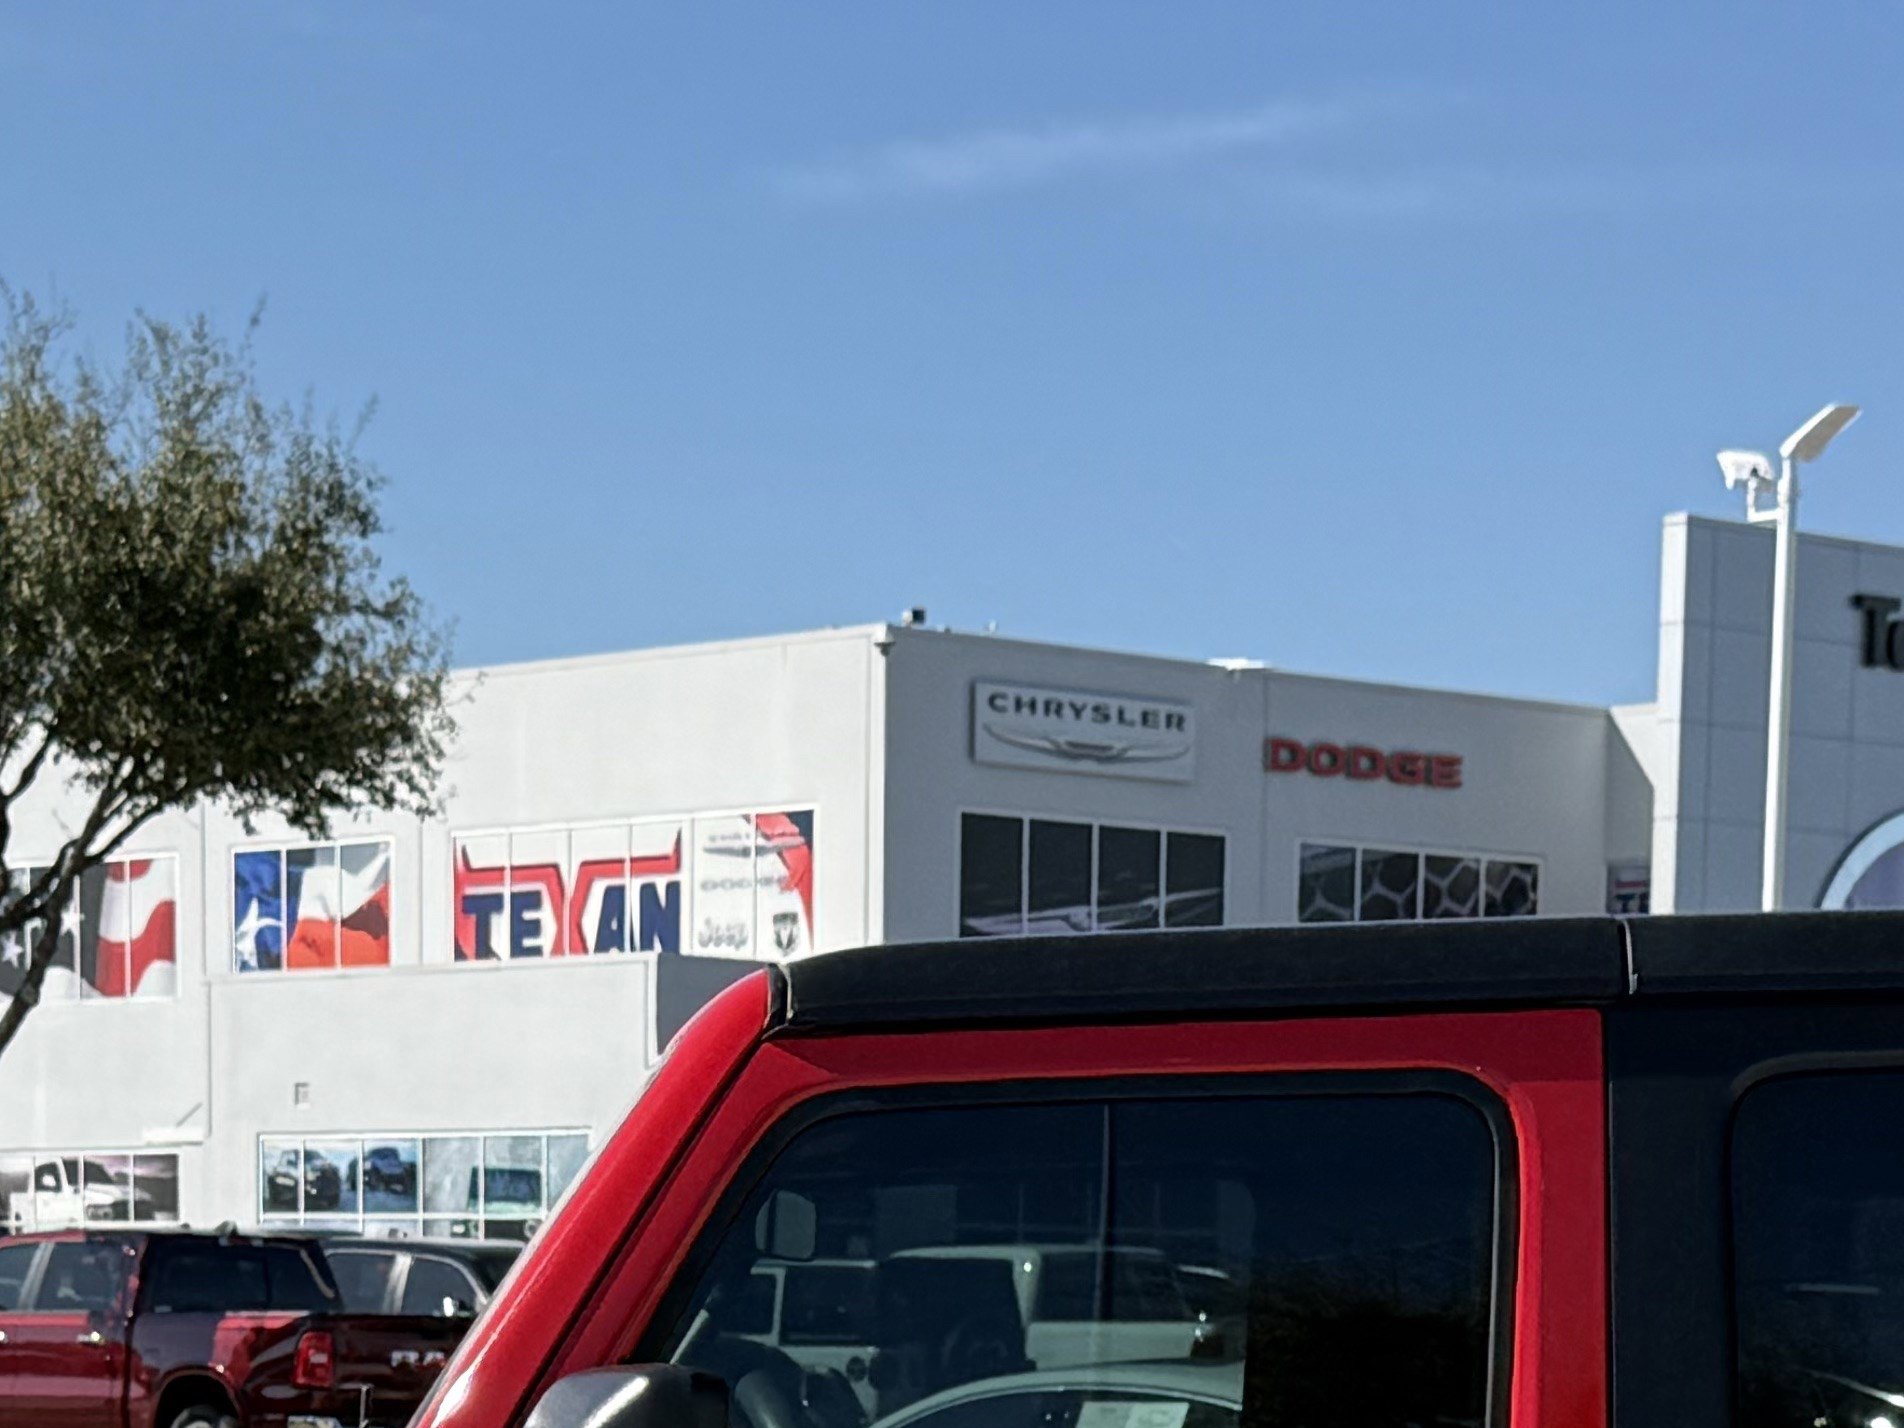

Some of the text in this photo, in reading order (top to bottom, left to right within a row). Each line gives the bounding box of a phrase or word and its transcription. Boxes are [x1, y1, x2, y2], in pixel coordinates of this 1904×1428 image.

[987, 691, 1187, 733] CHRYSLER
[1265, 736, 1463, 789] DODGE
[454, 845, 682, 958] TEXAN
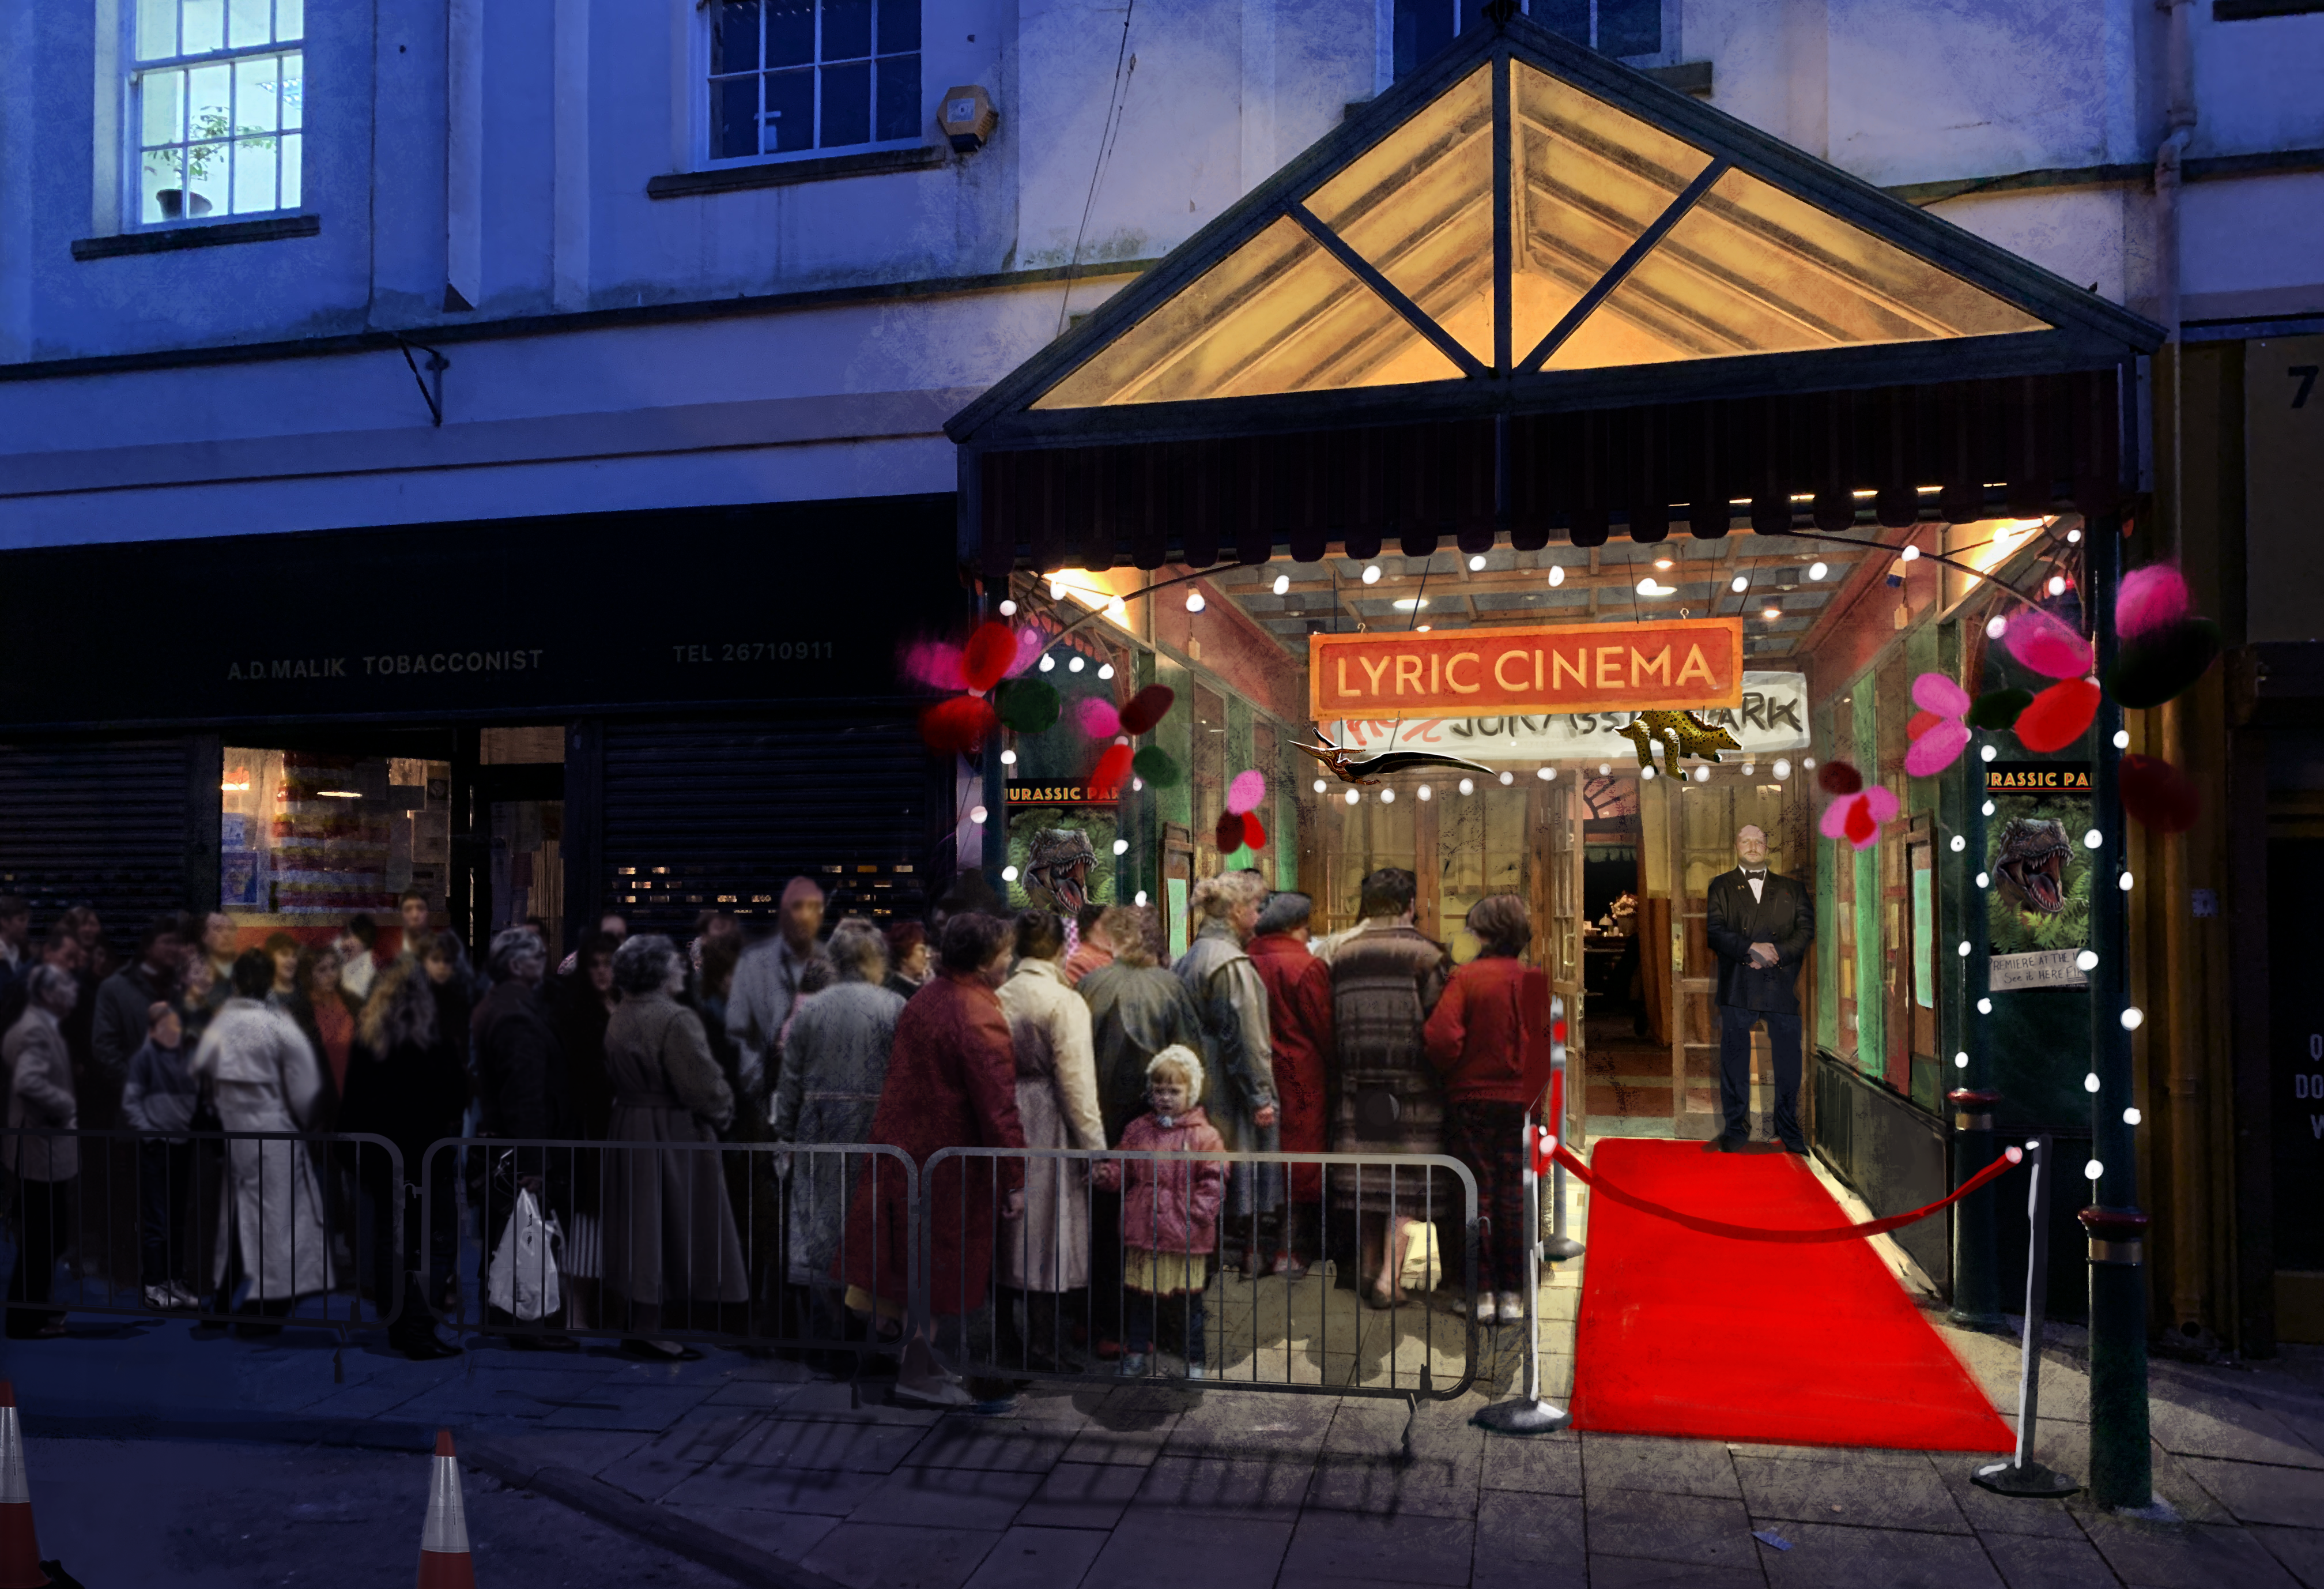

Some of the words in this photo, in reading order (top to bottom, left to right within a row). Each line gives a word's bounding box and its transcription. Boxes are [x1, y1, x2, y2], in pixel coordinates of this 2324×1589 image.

◆ ◆ ◆ ◆ ◆ ◆ ◆

## Description of the task
Return each record exactly as given, excluding any image.

## Worked solution
Some of the text in this photo, in reading order (top to bottom, left to right within a row). Each line gives the bounding box of a phrase or word and its transcription. Boxes are [x1, y1, x2, y2], in pixel coordinates of this 1904×1428 image.

[987, 691, 1187, 733] CHRYSLER
[1265, 736, 1463, 789] DODGE
[454, 845, 682, 958] TEXAN

Some of the words in this photo, in reading order (top to bottom, left to right within a row). Each line gives a word's bounding box and its transcription. Boxes are [x1, y1, x2, y2], in pixel coordinates of this 2324×1589 image.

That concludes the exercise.